Пытаюсь глазеть по сторонам. Ничего интересного: те же кирпичные грязноватые дома, только этажность повыше, вывески — ни одной знакомой буквы. На скандинавские руны похоже.
Перебирая ногами, вывернула голову, пригляделась к своему конвоиру. Ничё так. Спина прямая, тёмные волосы, лицо… породистое. Только с той же печатью въевшейся усталости, что и у девушки с ведром. Похоже, нездоровый образ жизни они тут ведут…
Улица стала шире, булыжники сменились брусчаткой. Местная каталажка встретила меня тишиной, порядком, и характерным запахом бомжатника. Усатый толстяк в такой же синей форме стряхнул с пуза крошки, выслушал доклад коллеги, и что-то рявкнул на меня. Я опять руками развела.

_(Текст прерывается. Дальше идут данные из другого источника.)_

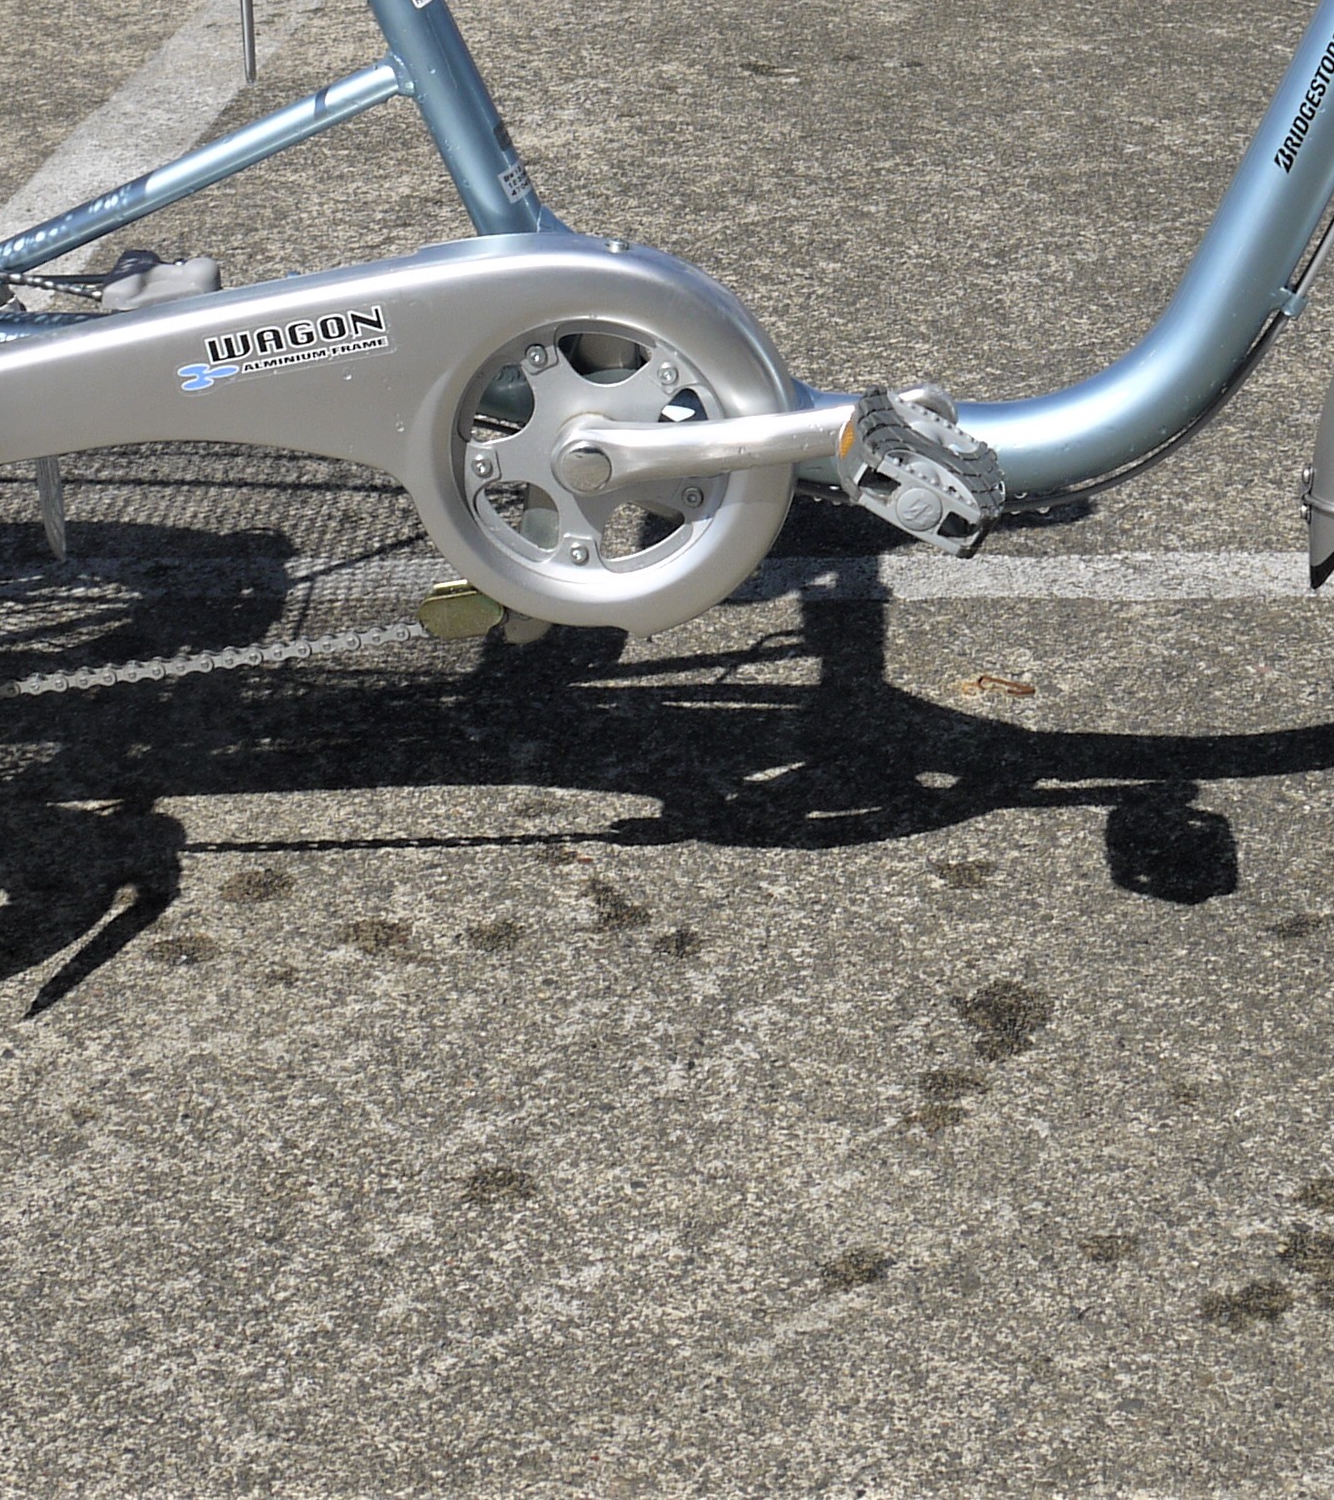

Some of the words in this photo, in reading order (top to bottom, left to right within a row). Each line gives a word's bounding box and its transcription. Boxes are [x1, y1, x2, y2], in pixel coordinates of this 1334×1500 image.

[205, 306, 387, 364] WAGON
[242, 349, 328, 373] ALMINIUM
[331, 336, 388, 356] FRAME
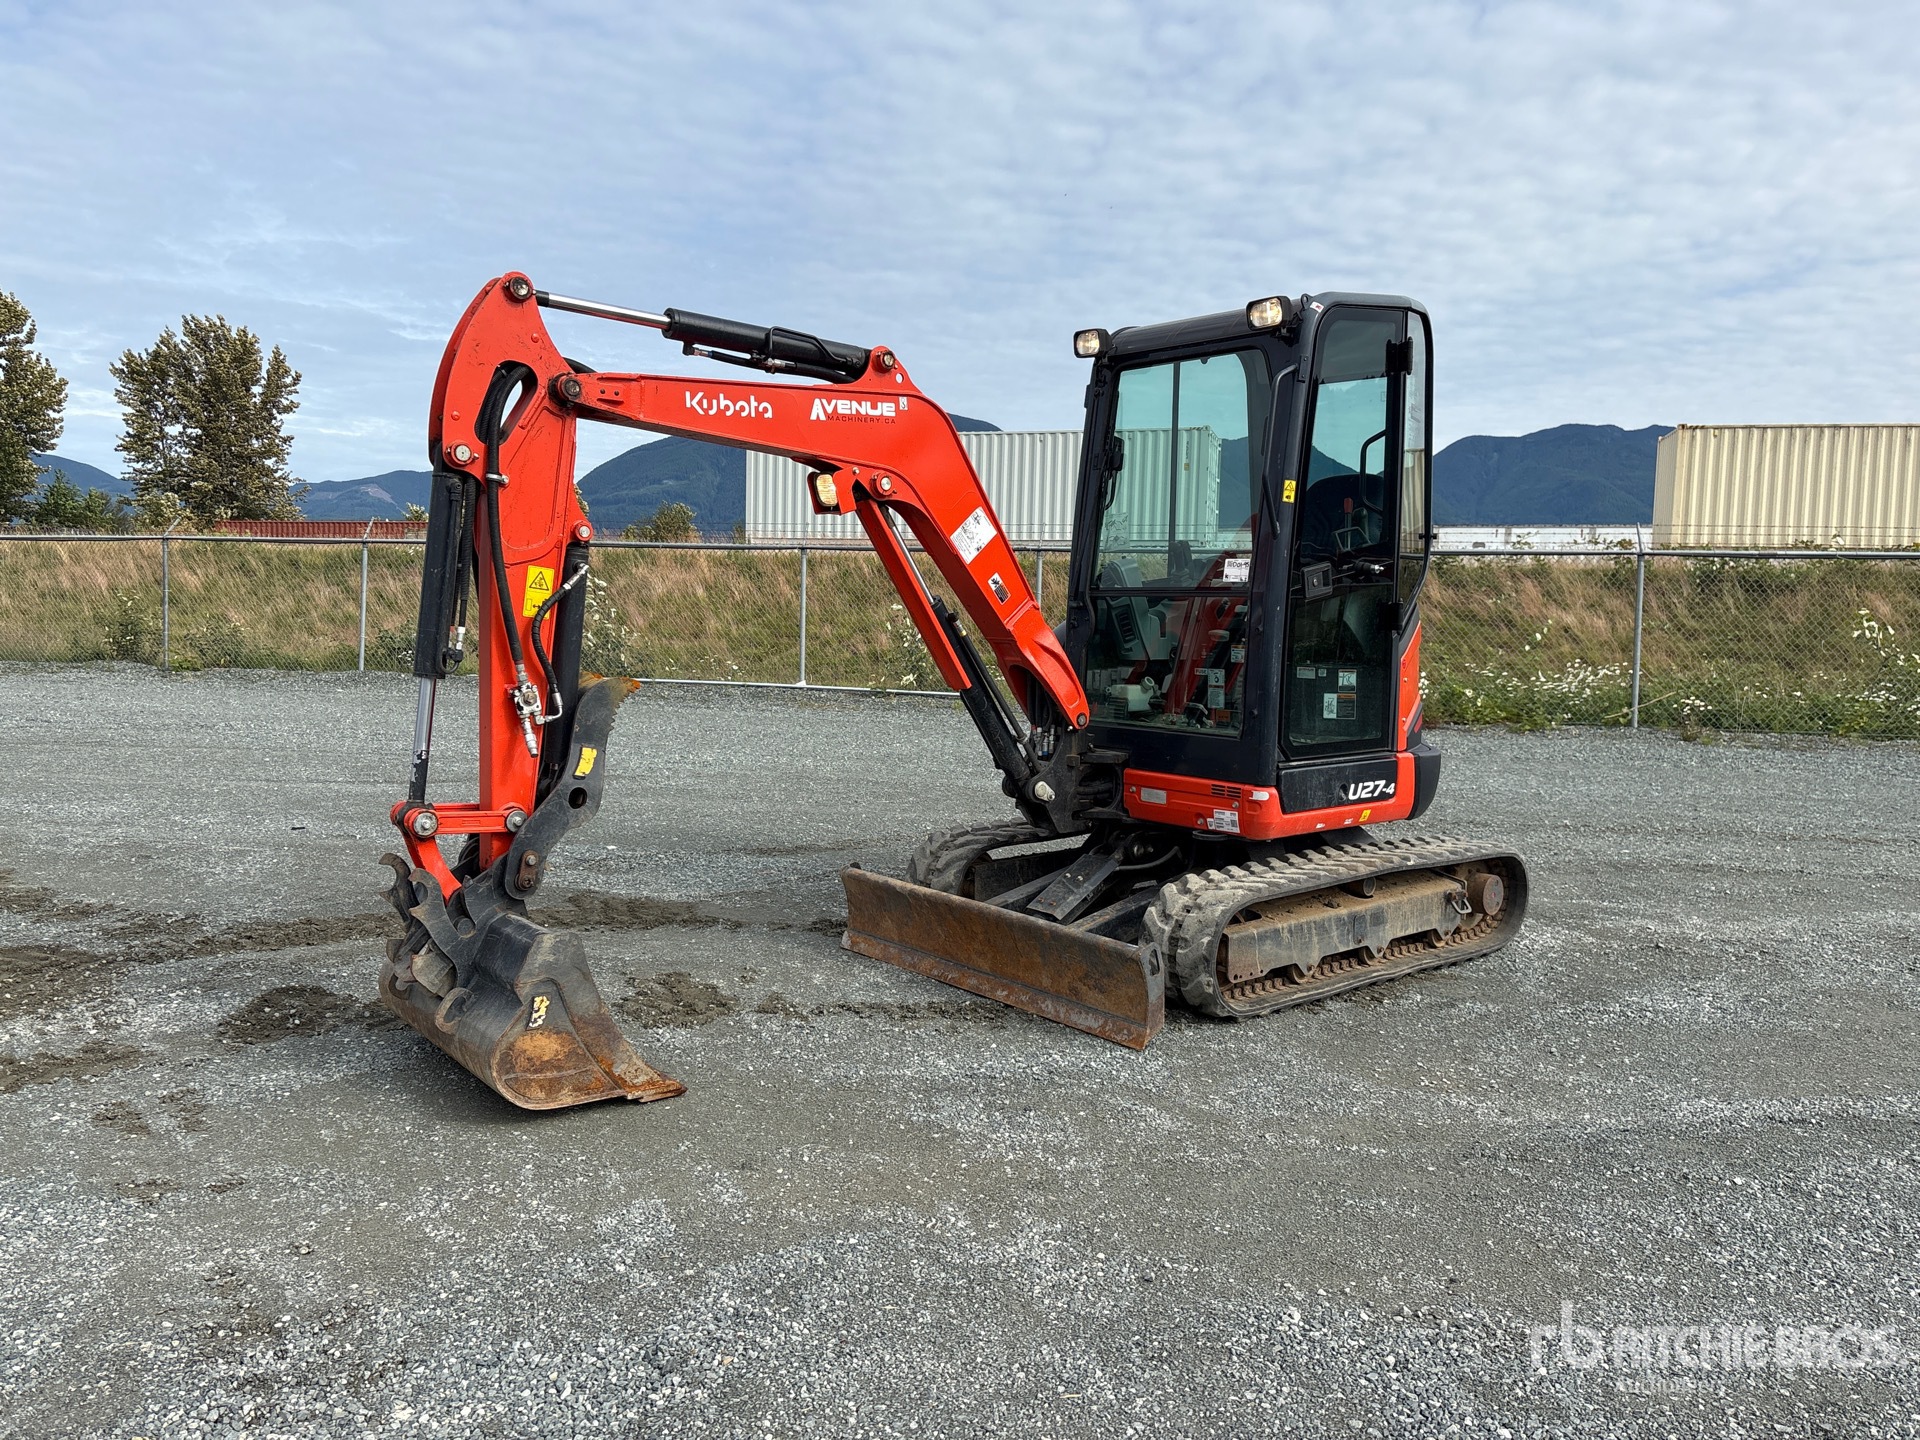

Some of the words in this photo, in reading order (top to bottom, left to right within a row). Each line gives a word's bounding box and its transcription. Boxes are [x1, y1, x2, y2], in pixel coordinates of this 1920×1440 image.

[685, 391, 773, 418] Kubota
[810, 398, 896, 421] AVENUE
[827, 415, 896, 424] MACHINERY.CA
[1348, 780, 1396, 800] U27-4
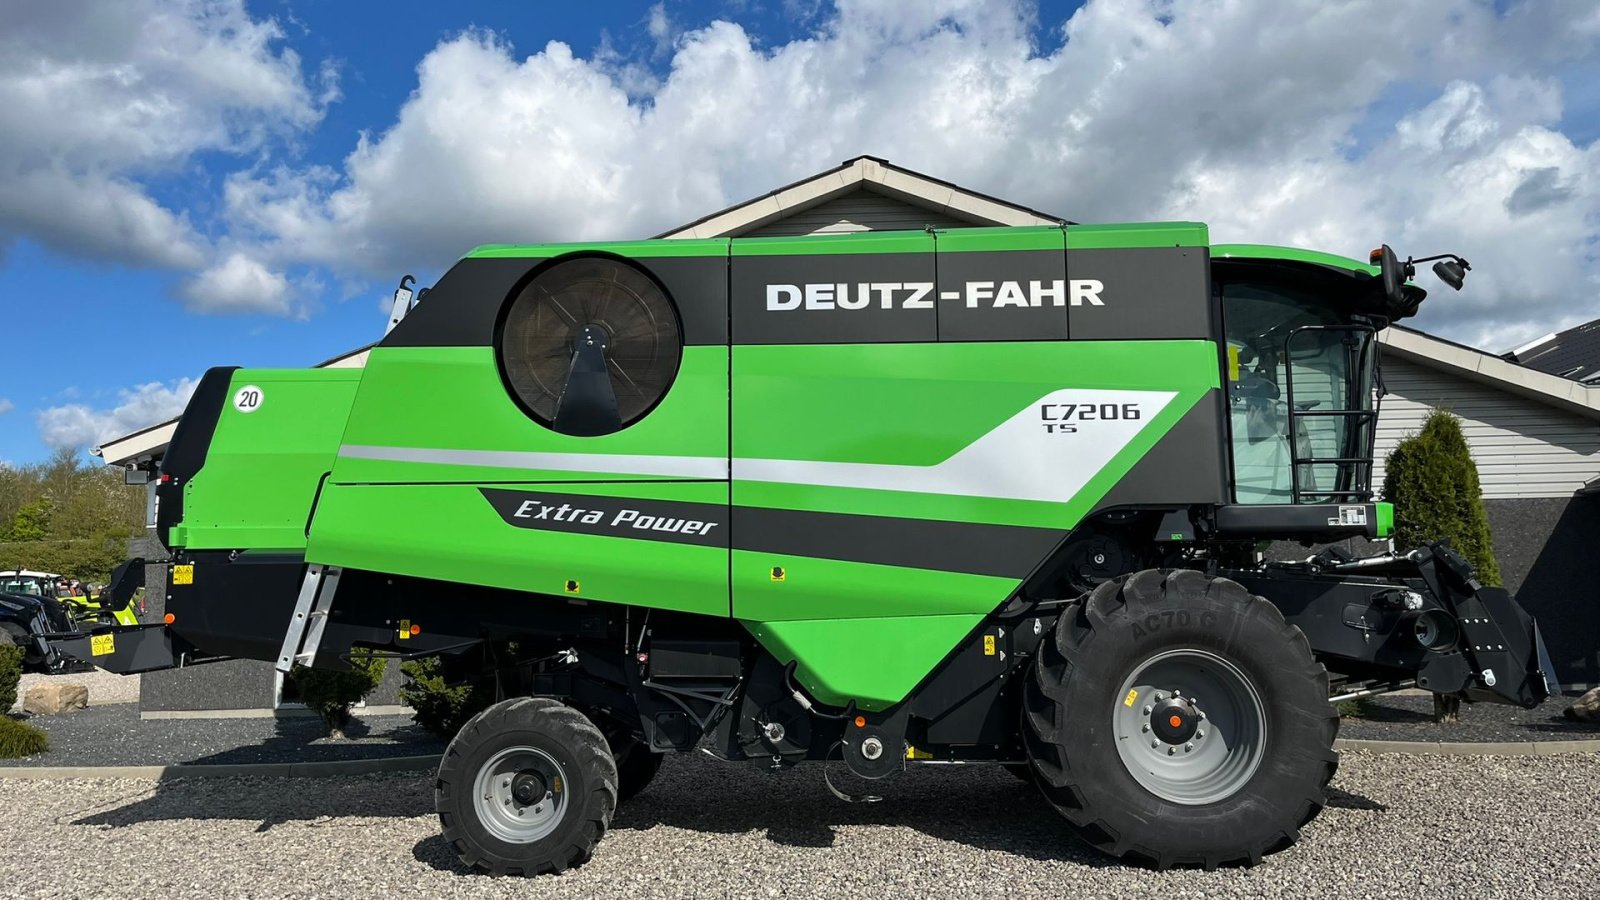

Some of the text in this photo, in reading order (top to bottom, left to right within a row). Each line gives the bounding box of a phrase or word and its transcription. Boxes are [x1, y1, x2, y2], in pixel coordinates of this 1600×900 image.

[766, 279, 1105, 311] DEUTZ-FAHR
[239, 391, 258, 407] 20
[1041, 404, 1140, 420] C7206
[1042, 424, 1077, 433] TS
[514, 500, 718, 536] Extra Power
[1131, 610, 1191, 640] AC70

И тут он меня ударил. Я отлетела к стене, треснулась головой. Больно! Меня раньше никогда так не били. Звериный страх свернул меня в комок. Спрятать живот, закрыть руками лицо, уши!
Второго удара не последовало. Толстяк скандально орал, тот, что меня привел, отвечал с вежливой злостью, стоя, как памятник Закону и Порядку, между толстяком и мною. Я выглянула из-под ладони. Парень, похоже, сумел убедить толстяка не калечить меня сразу, и сейчас протягивал руку, чтобы помочь подняться. Я потихоньку встала, придерживаясь за стенку. Проникаться доверием не спешила. Про плохого и хорошего полицейского слышала.
Однако за руку меня все-таки ухватили, чтобы предъявить толстяку палец с кольцом. Тот изучал объект, сопя с недовольным видом. Я и сама только сейчас внимательно разглядела таинственный подарок. Из ярко — белого металла искусно сделана человеческая рука с длинными пальцами, обхватывающими мой палец. Белая рука… белая рука… белая ладонь… белая длань…что-то скреблось в моем сознании. Нет, не могу вспомнить, что это за фемгерихт*.
Меня опять забросали вопросами, которых я не понимала и только беспомощно мотала головой. Скула распухла и болела всё сильнее, на затылке набежала шишка. Осознав, что от меня толку не добьёшься, толстяк, раздраженно ворча, сел писать документ. Макал стальное перышко в чернильницу, скрипел по плотной желтоватой бумаге. Потом высвистел откуда-то из задних комнат худющего мальчишку, вручил конверт. Пацан лихо щёлкнул каблуками форменных сапожек и дунул вверх по улице.
Затем явилась… валькирия местного разлива. Я девушка не мелкая, одежда у меня латинской буквой М промаркирована, но из этой особы можно трёх, таких как я, выкроить. Облачена в дамский вариант формы: юбка в пол, куртка — всё из того же синего сукна с медными пуговицами, на тёмных локонах чепец белого полотна. Видимо, здесь принято соблюдать правило:
«Пленников никогда не будут охранять охранники противоположного пола»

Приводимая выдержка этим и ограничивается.